-- RECORDS TO USE --

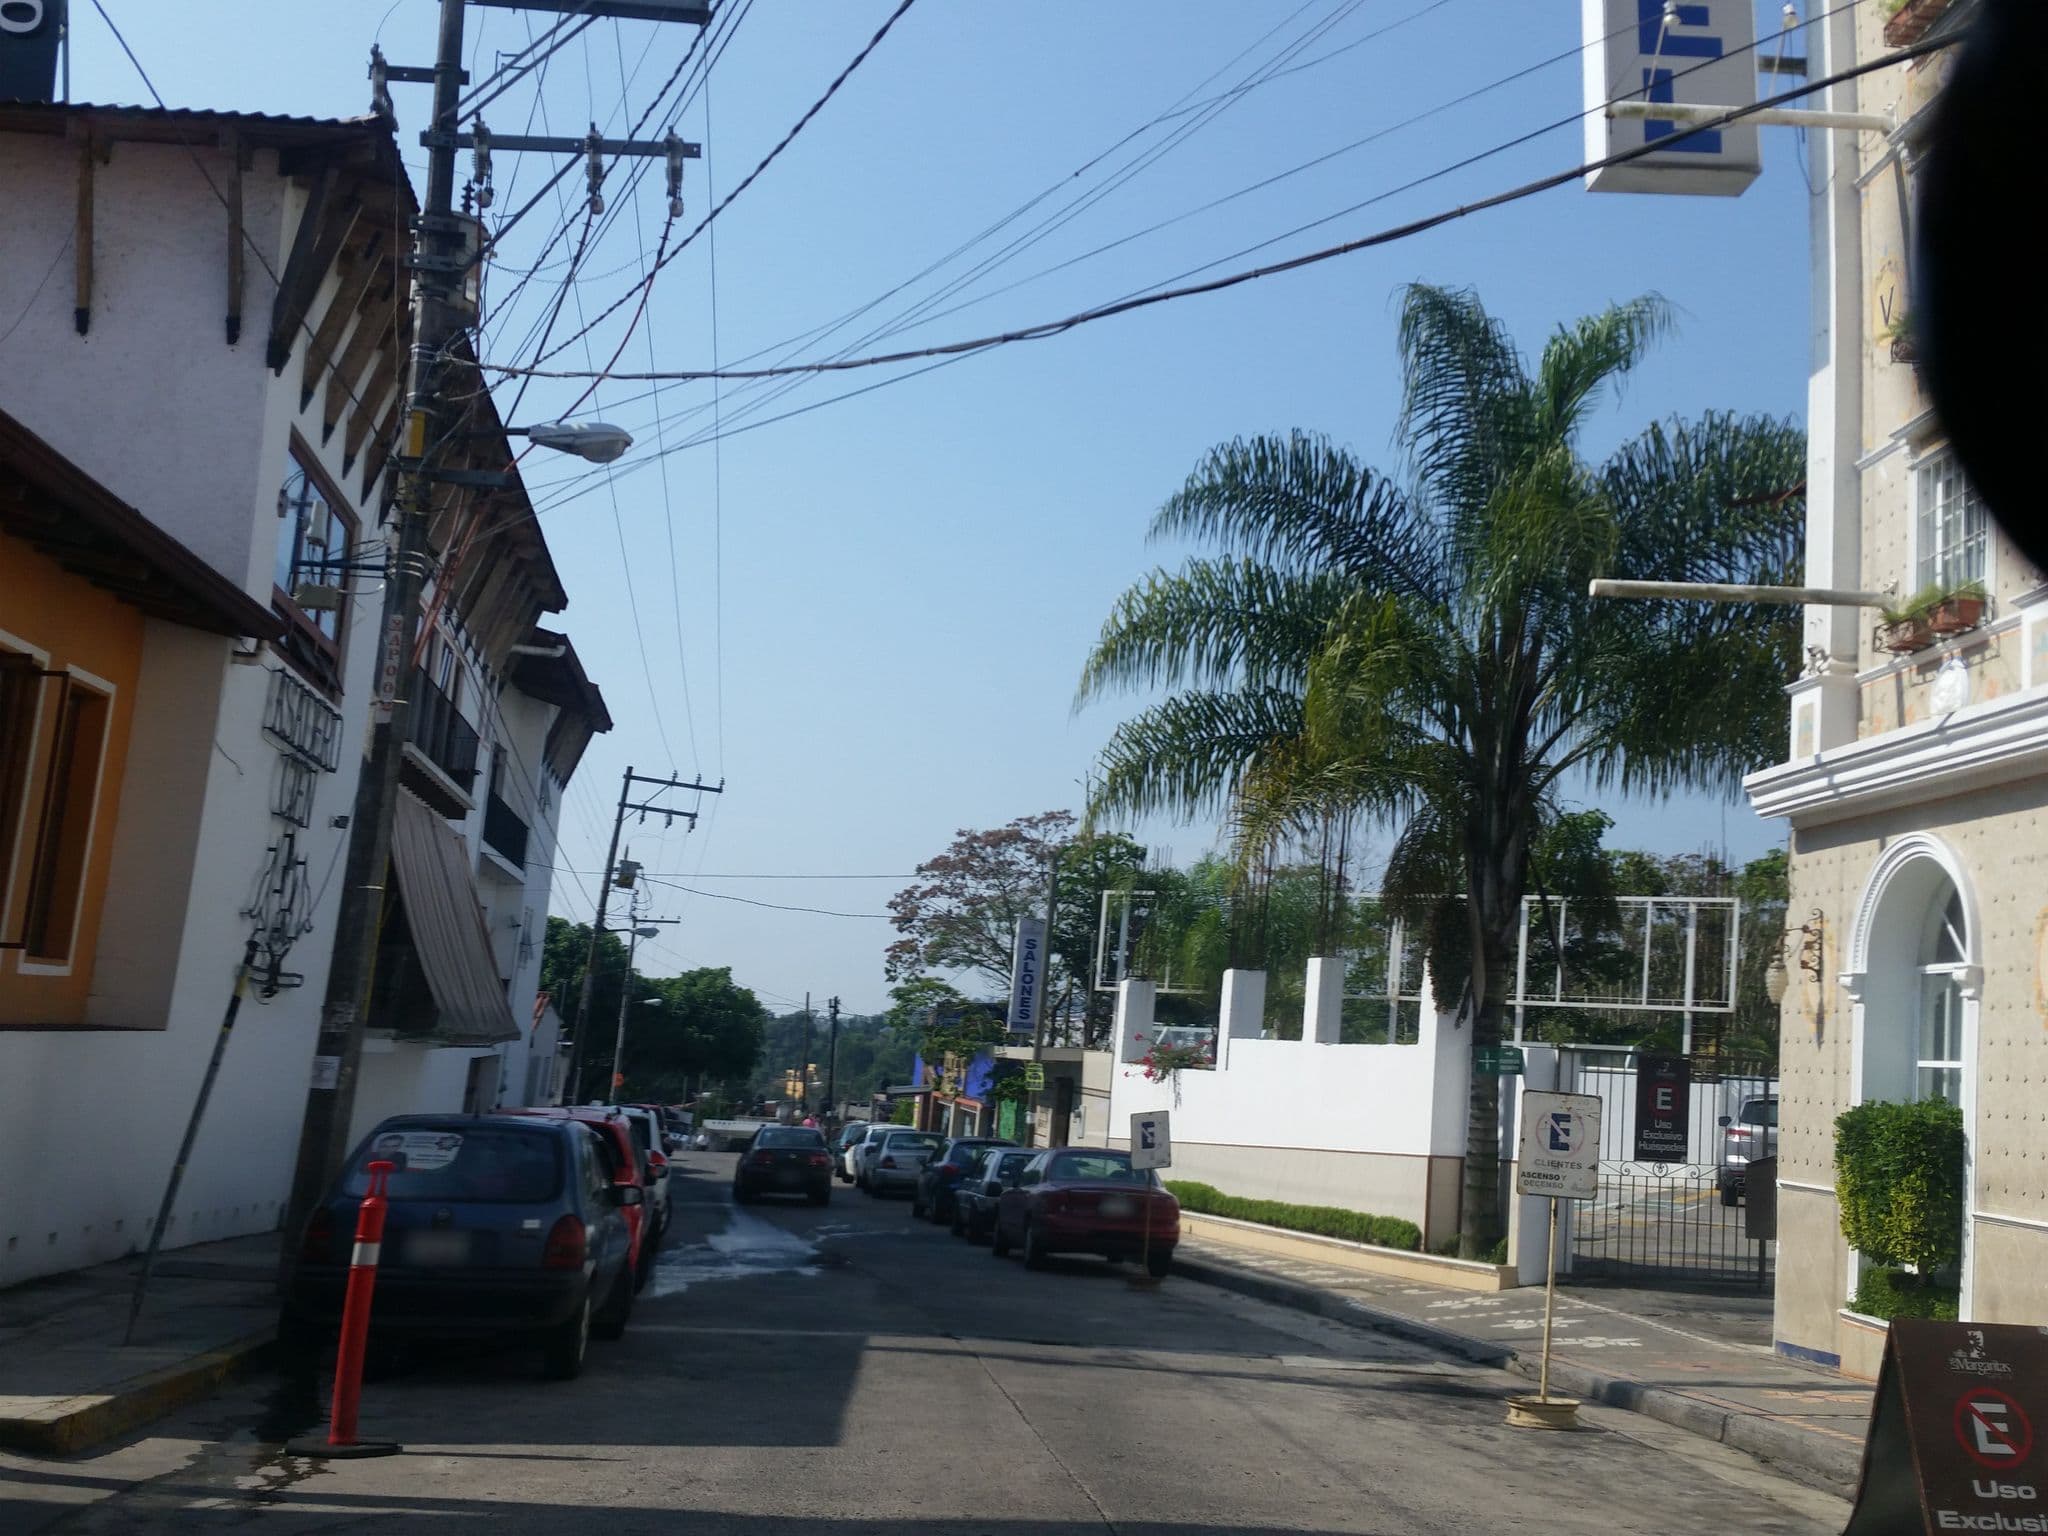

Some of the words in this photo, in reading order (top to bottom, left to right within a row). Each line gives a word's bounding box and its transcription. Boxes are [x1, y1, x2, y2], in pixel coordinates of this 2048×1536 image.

[1018, 938, 1037, 1020] SALONES
[1656, 1088, 1673, 1110] E
[1654, 1119, 1672, 1129] Uso
[1643, 1130, 1682, 1141] Exclusivo
[1534, 1158, 1583, 1170] CLIENTES
[1521, 1171, 1560, 1181] ASCENSO
[1523, 1179, 1564, 1189] DECENSO
[1968, 1402, 2017, 1454] E
[1974, 1480, 2037, 1500] Uso
[1937, 1510, 2048, 1533] Exclusi

-- EXERCISE REQUIREMENTS --
The records above need to be reproduced exactly, with all images omitted.

-- FINAL ANSWER --
Some of the words in this photo, in reading order (top to bottom, left to right within a row). Each line gives a word's bounding box and its transcription. Boxes are [x1, y1, x2, y2], in pixel coordinates of this 2048×1536 image.

[1018, 938, 1037, 1020] SALONES
[1656, 1088, 1673, 1110] E
[1654, 1119, 1672, 1129] Uso
[1643, 1130, 1682, 1141] Exclusivo
[1534, 1158, 1583, 1170] CLIENTES
[1521, 1171, 1560, 1181] ASCENSO
[1523, 1179, 1564, 1189] DECENSO
[1968, 1402, 2017, 1454] E
[1974, 1480, 2037, 1500] Uso
[1937, 1510, 2048, 1533] Exclusi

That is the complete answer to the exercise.